SAIPA (Persian: سایپا, SAIPA) is an Iranian automaker headquartered in Tehran. The SAIPAC (an acronym for the French Société anonyme iranienne de production des automobiles Citroën)[4] was established in 1965[5] as with 75% Iranian ownership, to assemble Citroëns under license for the Iranian market. It changed its name into SAIPA (Société anonyme iranienne de production automobile) in 1975[4] when the Iranian state withdrew from the company.[6] Its products in recent years have been mostly under-licensed Korean cars and its own engine and range of cars. The chief executive (president or managing director) of SAIPA is Mohammadali Teimouri.

The main subsidiaries of SAIPA Group are Saipa Diesel, Pars Khodro and Zamyad Co.[7]


SAIPA began by assembling Citroën's two-cylinder mini car, the Dyane, in 1968. It went under the name Jyane (or Jian) in Iran. SAIPA built 120,000 Jyane models.[8]

SAIPA Iranian Citroën Dyane 'Jyane 602' nameplate

There was also a glazed panel van version of the Jyane, as well as the Baby-Brousse, a rustic little buggy in the style of a Citroën Méhari but with a metal body.[9] Later, a pickup version of the Jyane also appeared. The Baby-Brousse was built from 1970 until 1979. In 1975 Saipa began manufacturing licensed versions of the original Renault 5 and later the Renault 21. Production of Citroëns ended in 1980.[10]

From 1986 to 1998 SAIPA built the Z24 pickup, a license-built version of the 1970-1980 Nissan Junior with a 2.4-litre engine. In 1998 SAIPA took over the Zamyad company, which then undertook the production of the Z24. Since 2003, this truck has been sold under the Zamyad brand.[10]
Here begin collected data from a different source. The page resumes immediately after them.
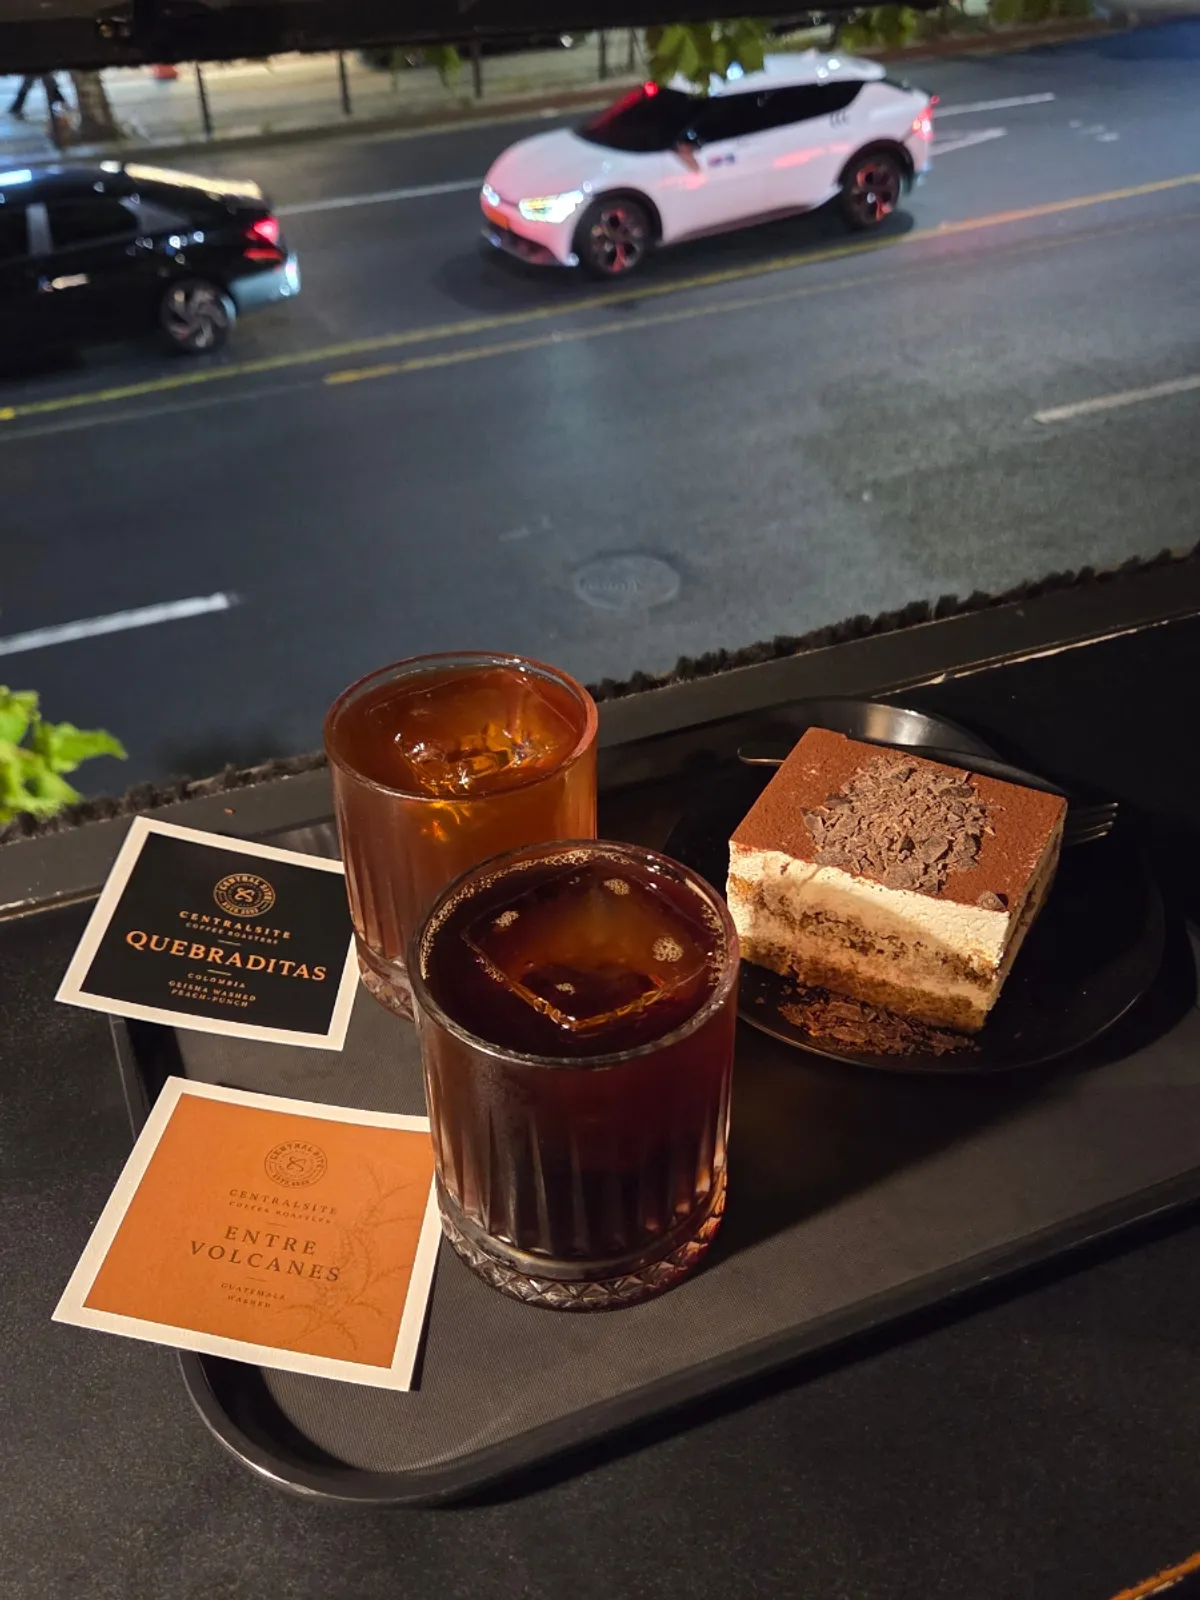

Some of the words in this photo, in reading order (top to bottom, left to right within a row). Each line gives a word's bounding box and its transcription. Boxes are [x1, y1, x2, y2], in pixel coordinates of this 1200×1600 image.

[218, 875, 260, 891] CENTRAL
[259, 883, 273, 901] SITE
[178, 910, 291, 939] CENTRALSITE
[185, 921, 225, 935] COFFEE
[227, 930, 278, 945] ROASTERS
[125, 929, 327, 982] QUEBRADITAS
[167, 980, 209, 993] GEISHA
[212, 988, 257, 1002] WASHED
[187, 972, 246, 989] COLOMBIA
[170, 988, 249, 1008] PEACH-PUNCH
[269, 1143, 313, 1160] CENTRAL
[312, 1150, 325, 1169] SITE
[229, 1189, 338, 1216] CENTRALSITE
[229, 1200, 270, 1214] COFFEE
[223, 1225, 317, 1256] ENTRE
[188, 1240, 342, 1283] VOLCANES
[220, 1282, 286, 1301] GUATEMALA
[227, 1294, 272, 1309] WASHED
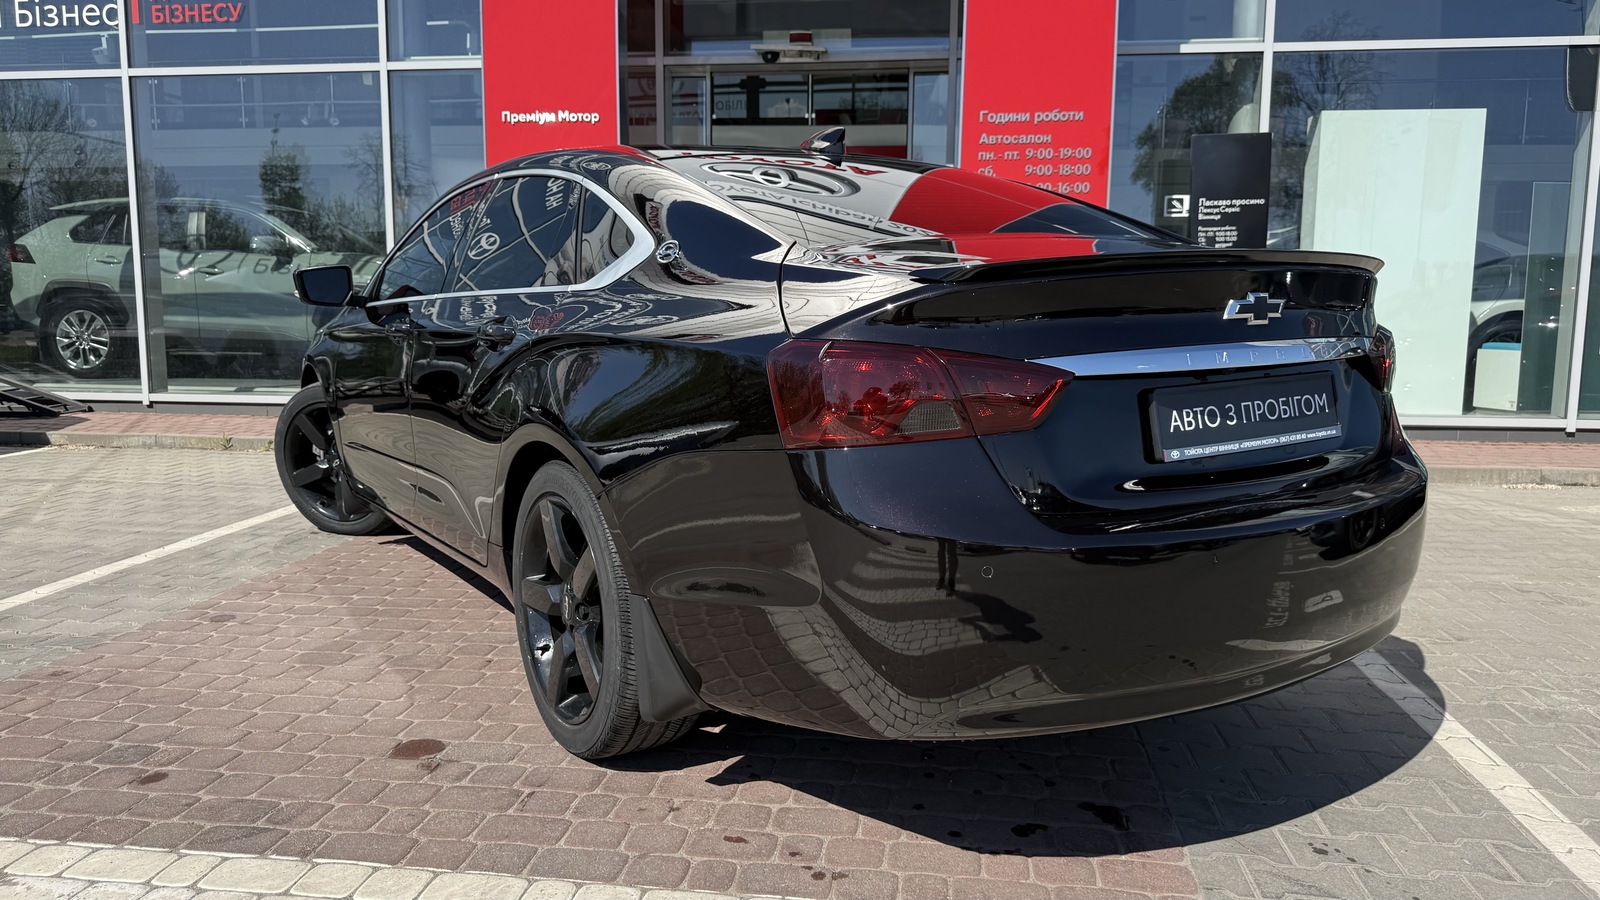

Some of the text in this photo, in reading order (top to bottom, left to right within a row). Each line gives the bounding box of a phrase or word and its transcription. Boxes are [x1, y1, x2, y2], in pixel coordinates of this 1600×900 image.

[152, 3, 243, 24] БІЗНЕСУ
[501, 110, 600, 124] Преміум Мотор
[979, 109, 1084, 124] Години роботи
[978, 133, 1052, 145] Автосалон
[1025, 147, 1093, 159] 9:00-19:00
[1025, 164, 1091, 176] 9:00-18:00
[1170, 405, 1220, 433] АВТО
[1241, 393, 1329, 423] ПРОБІГОМ
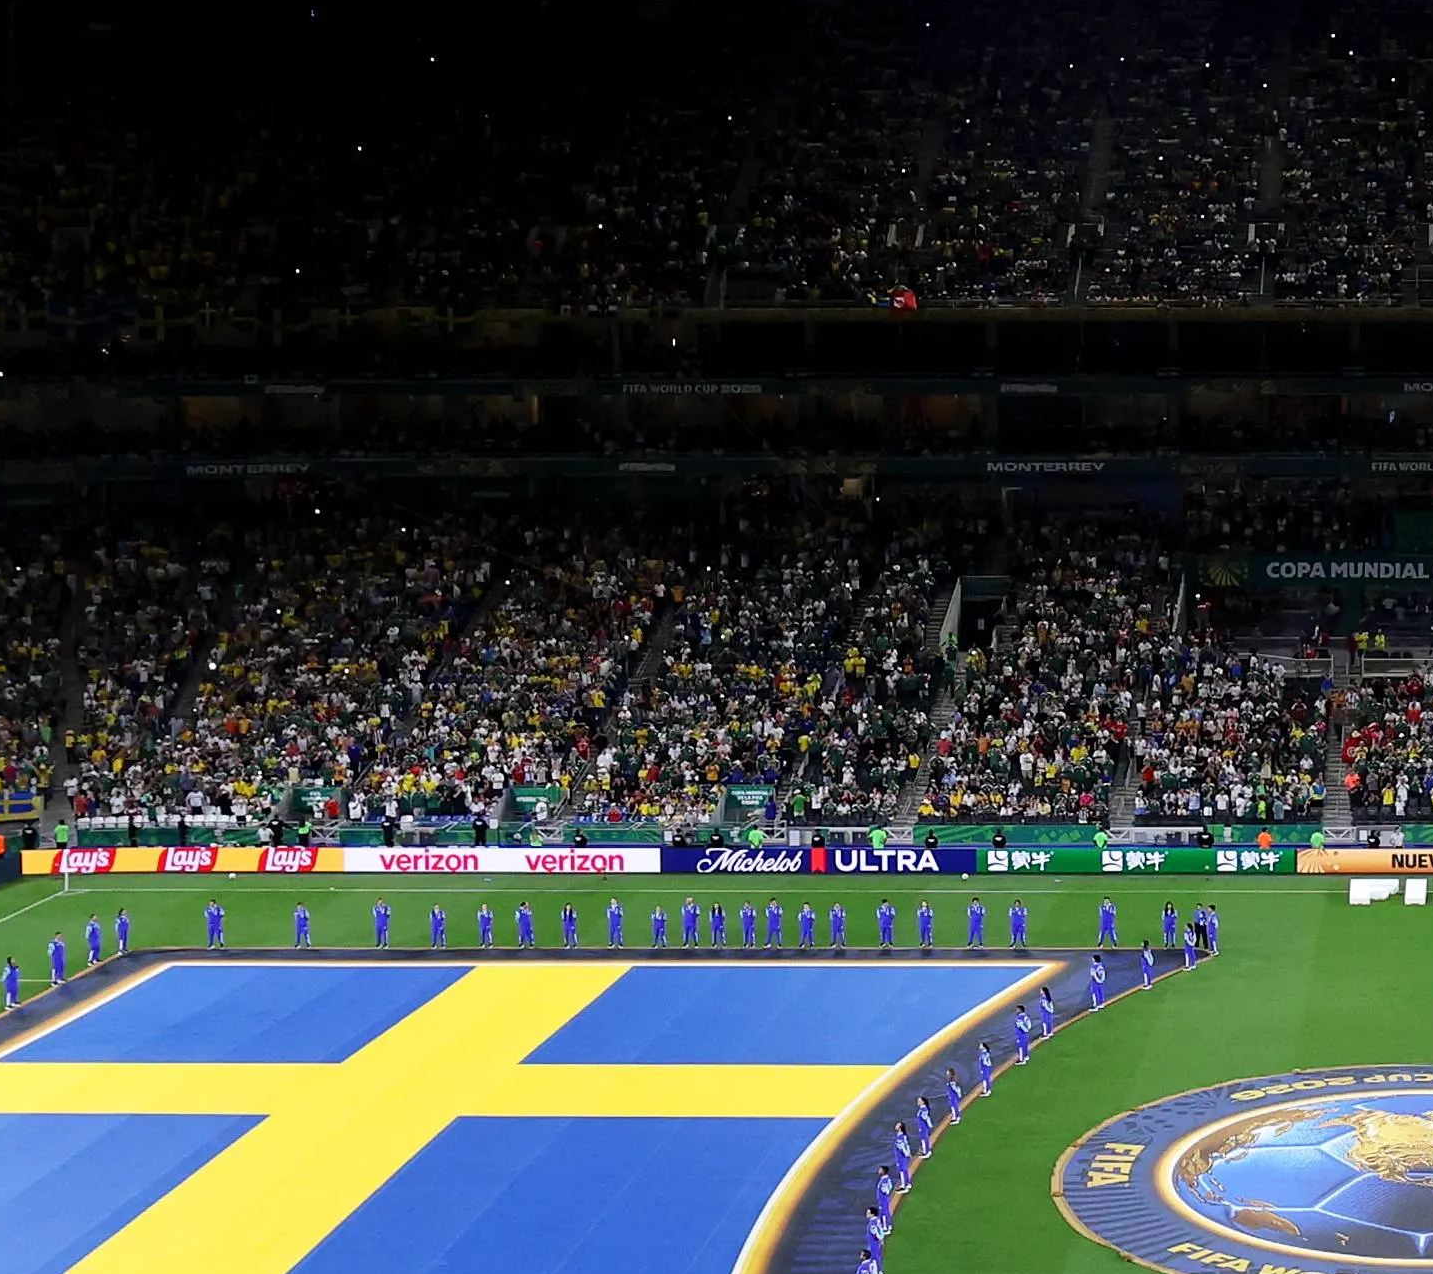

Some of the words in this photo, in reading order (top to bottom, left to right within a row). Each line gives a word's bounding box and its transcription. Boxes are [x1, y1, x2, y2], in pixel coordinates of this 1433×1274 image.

[622, 384, 648, 394] FIFA
[650, 384, 692, 394] WORLD
[694, 384, 719, 394] CUP
[186, 462, 310, 475] MONTERREY
[986, 462, 1105, 472] MONTERREY
[1371, 462, 1397, 472] FIFA
[1266, 562, 1325, 579] COPA
[1330, 562, 1430, 579] MUNDIAL
[59, 847, 111, 873] Lay's
[164, 846, 213, 872] Lay's
[264, 846, 313, 871] Lay's
[379, 849, 479, 872] verizon
[525, 850, 625, 873] verizon
[696, 847, 802, 874] Michelob
[835, 849, 940, 873] ULTRA
[1012, 851, 1049, 871] 蒙牛
[1125, 851, 1163, 871] 蒙牛
[1240, 851, 1279, 871] 蒙牛
[1229, 1075, 1364, 1103] 2026
[1088, 1142, 1142, 1190] FIFA
[1167, 1240, 1251, 1274] FIFA
Renault 5 production ended in 1994 (Pars Khodro took over the production lines) and the 21 was discontinued in 1997.[10] In 1993 a relationship with KIA began, and production of the Kia Pride commenced. SAIPA's Pride is marketed under the names Saba (saloon) and Nasim (hatchback). At the 2001 Tehran Motor Show the liftback Saipa 141 was added to the lineup. This is a five-door version based on the Saba and is somewhat longer than the Nasim. The Pride series cars carry 97% local content.[10] From 2001 to late 2010,[11] SAIPA produced the Citroën Xantia under license.[12] Sedan models of the previous generation Kia Rio were assembled using parts imported from Korea from May 2005 to late 2012, when SAIPA lost its license to produce them.[13]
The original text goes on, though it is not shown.